INSIDE EDITION found vendors picking their noses, touching their feet, even going to the bathroom without ever washing their hands and then serving customers.  All critical health code violations.

"It doesn't matter what you're eating...If it's a hot dog, if it's a pretzel, if it's contaminated you're going to get sick," says Lisa Berger, Food Safety Expert.

INSIDE EDITION cameras caught one food vendor touching his bare feet with his fingers between his toes before going right back to serving customers.

"That's absolutely disgusting...Every contaminant that would have been on the floor or the sidewalk or the pavement where he was walking ends up getting on the food," Berger tells INSIDE EDITION.

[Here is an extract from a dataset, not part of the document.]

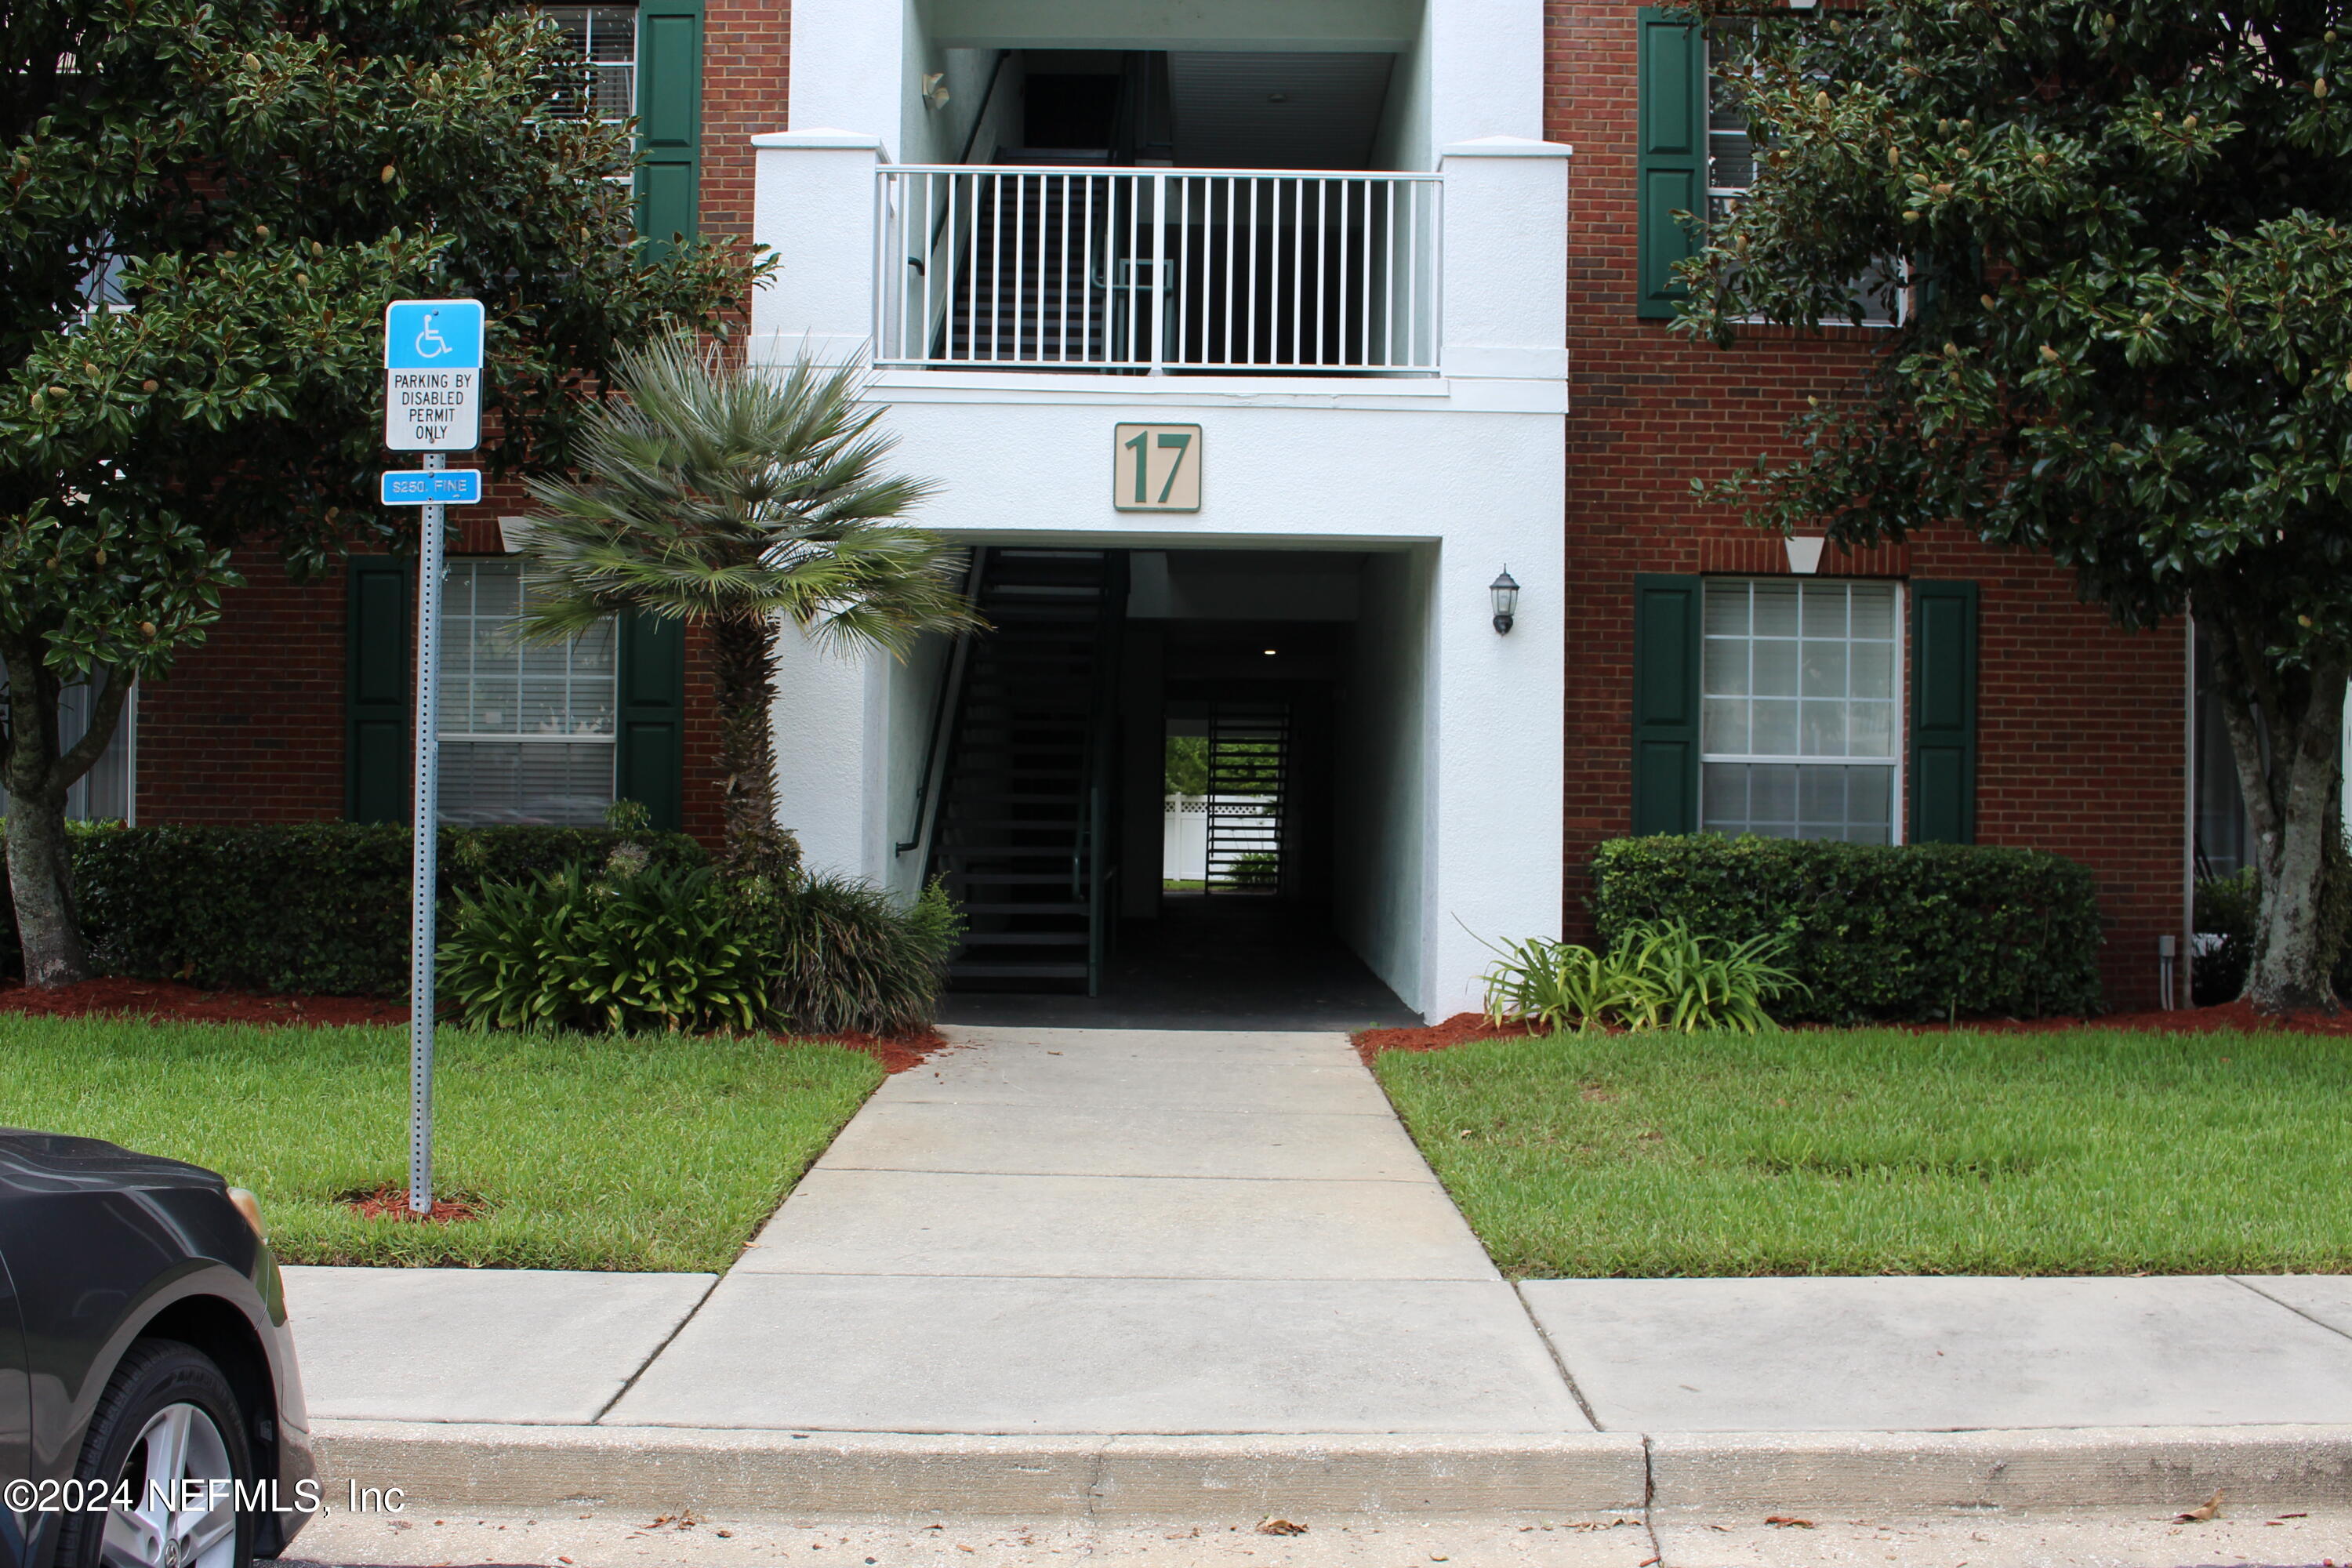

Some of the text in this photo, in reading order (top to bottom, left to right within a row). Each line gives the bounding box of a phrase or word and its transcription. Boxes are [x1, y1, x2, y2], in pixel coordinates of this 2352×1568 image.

When INSIDE EDITION approached the vendor he insisted he washes his hands and showed he wears gloves, but on the three separate occasions INSIDE EDITION caught him on camera he never once has gloves on.

INSIDE EDITION cameras caught another vendor near Times Square, who while wearing gloves picked his nose, handled money, scratched himself and touched raw chicken right before preparing food and serving customers.

"You need to think of raw chicken as being poisonous and you handle it, remove the gloves, throw them away, wash your hands before you do anything else," Berger says.

When approached by INSIDE EDITION the vendor insisted after putting meat on the grill he changed his gloves, but INSIDE EDITION never observed that.

INSIDE EDITION cameras caught another vendor outside Manhattan's famed Museum of Natural History who licked his gloved hand and counted money.  Then he left his cart to use a bathroom in the museum and returned to serve customers without washing his hands.

When approached by INSIDE EDITION the vendor maintains he washed his hands and presented his food safety certificate.

INSIDE EDITION also tested the temperatures of food from other vendors and found cart after cart was serving food in the "temperature danger zone."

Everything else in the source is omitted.